[東京 20日 ロイター] - 米系投資ファンド、ベインキャピタルが主導する日米韓連合のファンド傘下にある半導体大手、東芝メモリが9月の上場を計画し、準備に入ったことが分かった。事務主幹事証券に野村証券と三菱UFJモルガンスタンレー証券を選定すると共に、三井住友銀行など主力取引銀行から受けている6000億円の融資を、最大1兆円規模のシンジケート・ローンに借り換える調整に入った。

複数の関係筋が20日、明らかにした。

関係筋によると、ベインキャピタルなどは、東芝メモリを早期に上場させ、投資資金の一部を回収するとともに東芝メモリの設備投資資金を調達したい考えだ。上場すれば時価総額2兆円超になる見込みだ。

すでに上場の手続きを担う事務主幹事として、野村など2社を選定した。
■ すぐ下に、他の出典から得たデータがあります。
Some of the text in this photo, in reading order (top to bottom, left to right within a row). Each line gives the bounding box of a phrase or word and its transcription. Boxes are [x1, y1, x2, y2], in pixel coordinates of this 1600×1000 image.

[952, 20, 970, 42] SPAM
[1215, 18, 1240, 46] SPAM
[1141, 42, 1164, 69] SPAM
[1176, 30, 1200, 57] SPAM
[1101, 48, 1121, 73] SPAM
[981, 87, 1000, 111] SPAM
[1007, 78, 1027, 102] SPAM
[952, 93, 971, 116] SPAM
今年度中に主幹事証券やグローバル・コーディネイターを選び、早ければ9月の上場を目指して準備を加速させる。

上場に際して、株主構成を整理する必要があると判断し、日米韓連合に加わっている米アップル<AAPL.O>やシーゲート、キングストン・テクノロジーなどIT企業4社が保有する優先株約4000億円超を買い戻して消却する。買い戻し費用の約4000億円は主力行からの融資で賄いたい考えだ。

三井住友銀行やみずほ銀行、三菱UFJ銀行、三井住友信託銀行など主力行は、日米韓連合に6000億円を融資しており、東芝メモリは買い戻し費用と合わせて総額1兆円規模の借り換えを求める。銀行団は借り換えに応じる方向で、新たに地銀や生保などにも声を掛け、1兆円規模のシンジケート・ローンを組成する検討に入った。

一方、東芝メモリは新たな出資先として、政府系ファンドのINCJ(旧産業革新機構)と、日本政策投資銀行にも2000億円規模の出資を求める方向だ。両社が出資に応じれば、東芝メモリが銀行から調達する金額は減る可能性がある。

東芝メモリは、経営危機に陥った東芝<6502.T>が資金捻出のためにベインが主導する日米韓連合に2兆円で売却。東芝は再出資をしており、議決権ベースで40%を保有している。